# Records from a data source

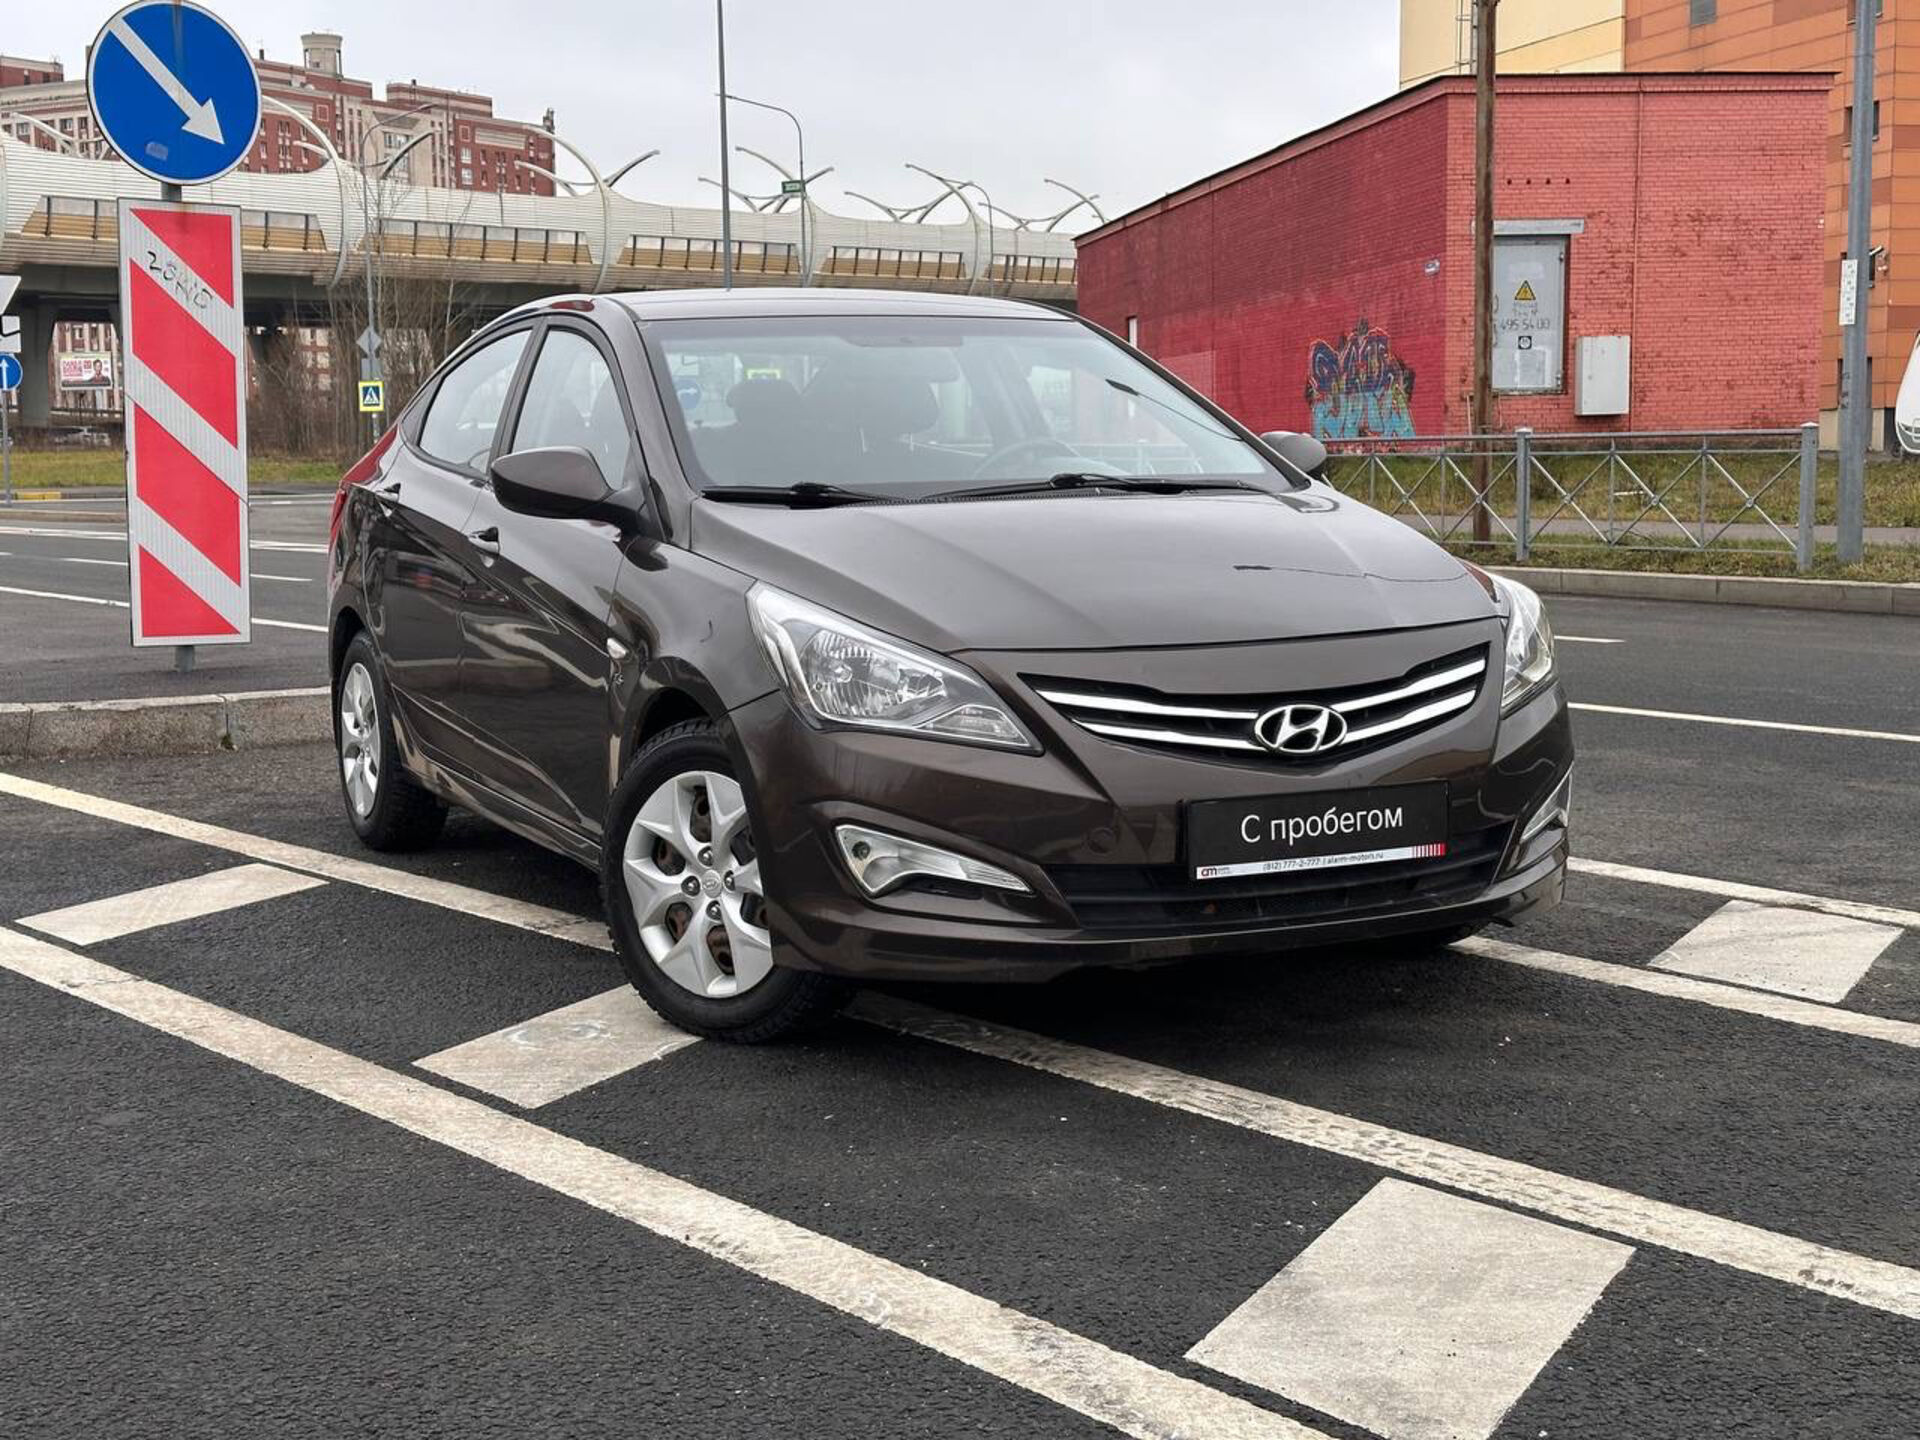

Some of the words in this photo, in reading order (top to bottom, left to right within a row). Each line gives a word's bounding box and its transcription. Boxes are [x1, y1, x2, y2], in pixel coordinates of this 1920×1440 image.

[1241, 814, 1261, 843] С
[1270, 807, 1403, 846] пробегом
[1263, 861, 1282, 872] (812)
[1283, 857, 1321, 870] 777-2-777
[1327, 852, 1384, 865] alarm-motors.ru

# Work required
Could the data above be repeated exactly, with every picture dropped?

# Solution to this problem
Some of the words in this photo, in reading order (top to bottom, left to right within a row). Each line gives a word's bounding box and its transcription. Boxes are [x1, y1, x2, y2], in pixel coordinates of this 1920×1440 image.

[1241, 814, 1261, 843] С
[1270, 807, 1403, 846] пробегом
[1263, 861, 1282, 872] (812)
[1283, 857, 1321, 870] 777-2-777
[1327, 852, 1384, 865] alarm-motors.ru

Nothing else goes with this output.